Día Internacional de la No Violencia

Para Gandhi los avances de la humanidad se deben a su capacidad de evolucionar cooperativamente. Mirando el último siglo, reconocemos bases colectivas en las transformaciones sociales que trajeron reconocimiento a subjetividades diversas, des-normalización de violencias silenciadas por años contra minorías raciales, étnicas, sexuales, contra niños, mujeres y ancianos, entre otros.

Lunes 1 de octubre de 2018

Día Internacional de la No Violencia
Escrito por

Maria Ester Buzzoni, académica Facultad de Psicología, Universidad San Sebastián

En 1927 Mahatma Gandhi, afirmó: “Se me ocurre que el dominio de las más sutiles pasiones y deseos resulta más difícil que la conquista del mundo por la fuerza de las armas”. 80 años después (2007), la Asamblea General Naciones Unidas invitó a los estados del mundo a celebrar el Día Internacional de la No Violencia cada 2 de octubre.
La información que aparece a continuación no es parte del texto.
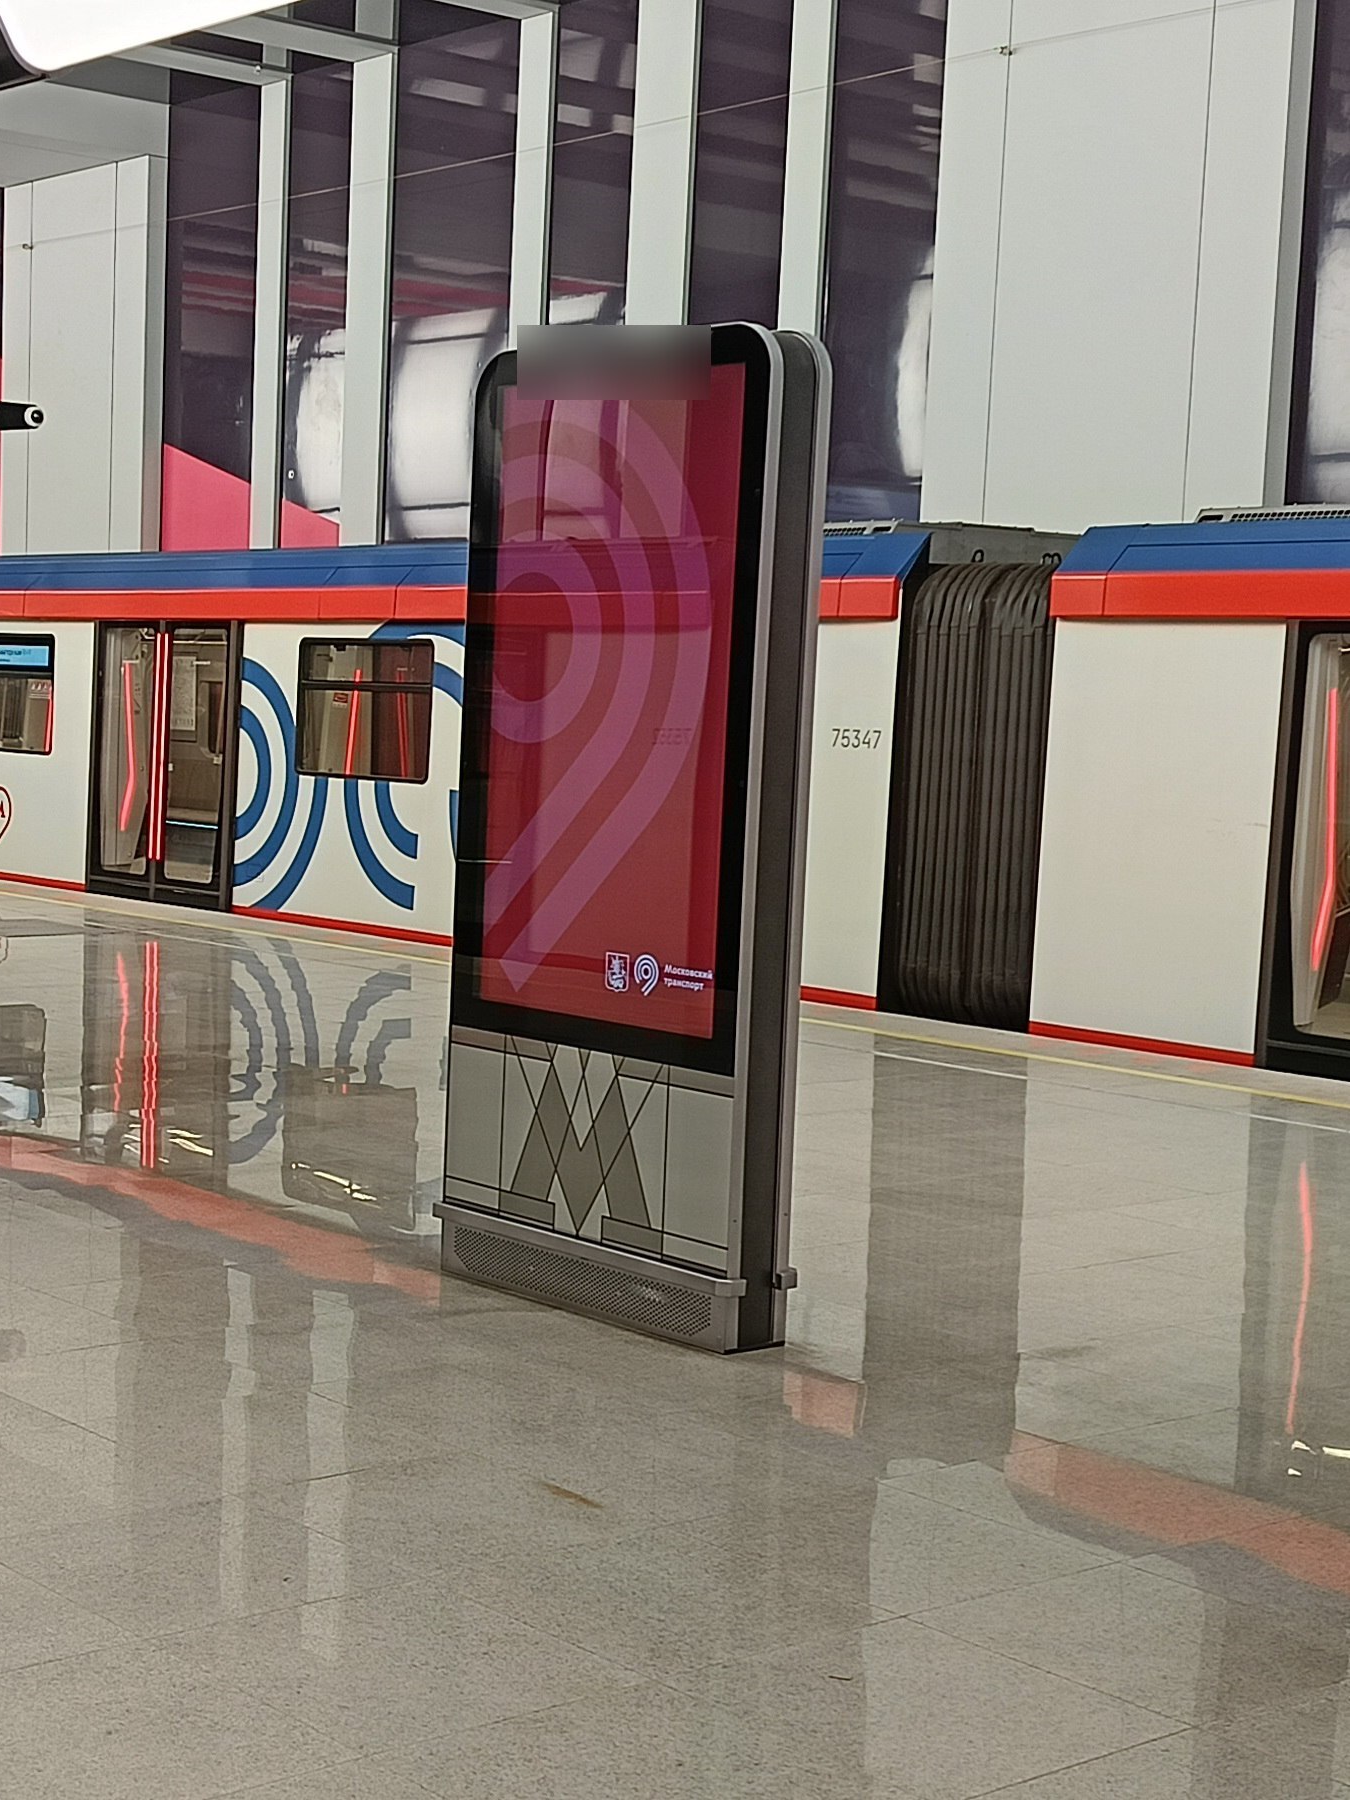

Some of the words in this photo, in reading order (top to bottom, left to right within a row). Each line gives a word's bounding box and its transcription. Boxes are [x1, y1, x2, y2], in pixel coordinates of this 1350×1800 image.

[831, 728, 882, 750] 75347
[663, 963, 713, 980] Московский
[663, 977, 705, 992] транспорт
En su fundamentación, propuso que ese día todos los países celebren “de manera apropiada” y “difundan el mensaje de la no violencia por medios como las actividades educativas y de sensibilización de la opinión pública” (Asamblea General ONU).

Pero, ¿qué significa hoy “celebrarlo de manera apropiada”? La no violencia es una propuesta de transformación social. Para Gandhi los avances de la humanidad se deben a su capacidad de evolucionar cooperativamente. Mirando el último siglo, reconocemos bases colectivas en las transformaciones sociales que trajeron reconocimiento a subjetividades diversas, des-normalización de violencias silenciadas por años contra minorías raciales, étnicas, sexuales, contra niños, mujeres y ancianos, entre otros.
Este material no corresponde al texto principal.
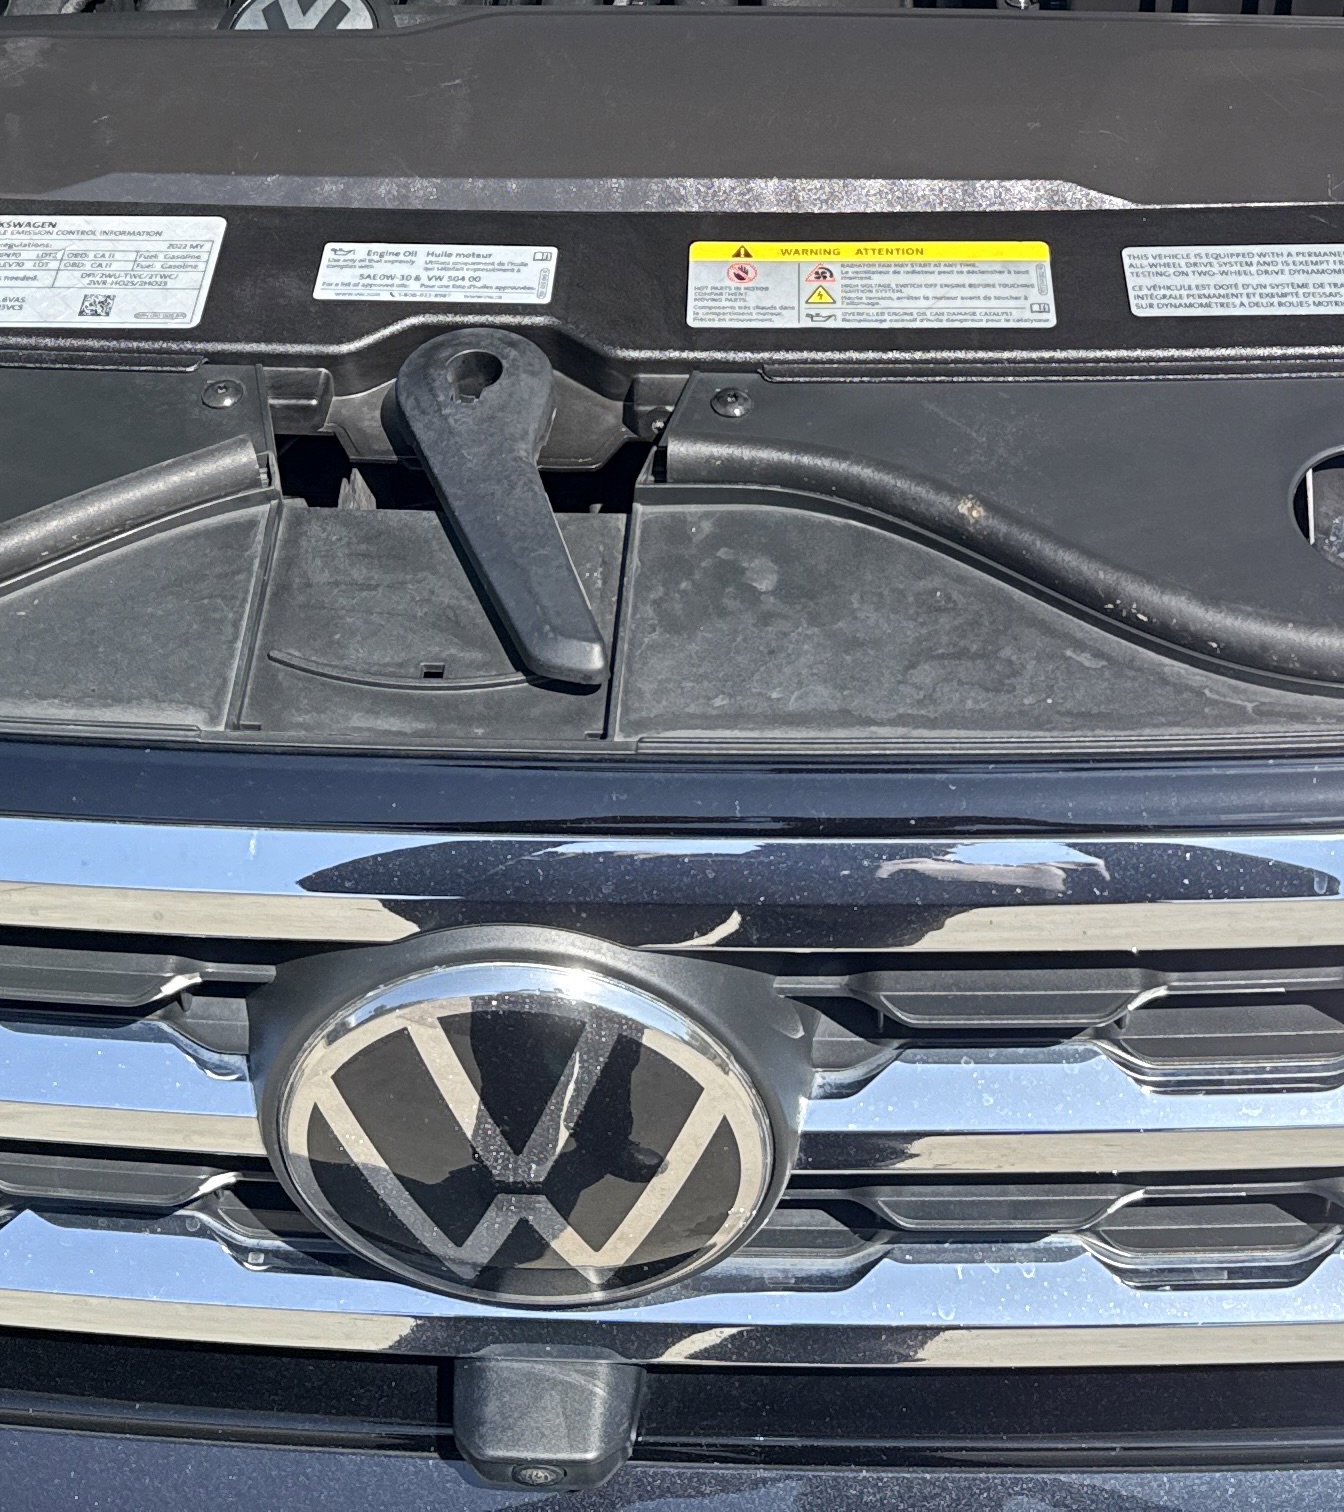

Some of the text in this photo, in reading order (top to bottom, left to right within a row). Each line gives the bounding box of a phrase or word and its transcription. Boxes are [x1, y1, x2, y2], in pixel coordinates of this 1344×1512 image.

[366, 250, 493, 259] Engine Oil Huile moteur
[780, 248, 925, 256] WARNING ATTENTION
[1127, 253, 1149, 261] THIS
[1150, 252, 1191, 260] VEHICLE
[1194, 252, 1204, 260] IS
[1205, 251, 1255, 260] EQUIPPED
[1256, 251, 1284, 259] WITH
[1128, 261, 1183, 269] ALL-WHEEL
[1217, 260, 1254, 268] SYSTEM
[1292, 259, 1331, 267] EXEMPT
[426, 274, 444, 282] VW
[1130, 270, 1172, 278] TESTING
[1191, 269, 1255, 277] TWO-WHEEL
[1256, 268, 1286, 276] DRIVE
[1145, 283, 1193, 292] VÉHICULE
[1213, 282, 1239, 291] DOTÉ
[1133, 292, 1184, 300] INTÉGRALE
[1186, 292, 1244, 300] PERMANENT
[1134, 302, 1155, 310] SUR
[1156, 300, 1237, 309] DYNAMOMÈTRES
La revolucionaria apuesta de Gandhi es la negativa individual y colectiva a participar de una sociedad al servicio de la violencia. Una invitación a pensar cómo vivimos, desde la no violencia.
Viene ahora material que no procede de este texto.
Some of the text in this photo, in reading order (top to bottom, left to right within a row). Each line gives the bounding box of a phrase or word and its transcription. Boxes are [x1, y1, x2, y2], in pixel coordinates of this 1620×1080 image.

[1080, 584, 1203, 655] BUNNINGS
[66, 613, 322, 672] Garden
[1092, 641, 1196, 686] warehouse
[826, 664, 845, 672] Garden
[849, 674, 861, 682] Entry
La reflexión académica desarrollada desde el género, propone que la violencia se reproduce en el lenguaje, forma en que el saber de occidente construye realidades, jerarquiza y subordina, dejando lo diverso fuera del margen. 

Visto esto, cabe hacer hincapié que la propuesta de Gandhi está vigente: construir juntos una sociedad capaz de repensarse para dar cabida a cada sujeto en su singularidad. Preguntarnos ¿cuántas violencias silentes ejercemos a diario? ¿cuántas violencias cotidianas silenciamos?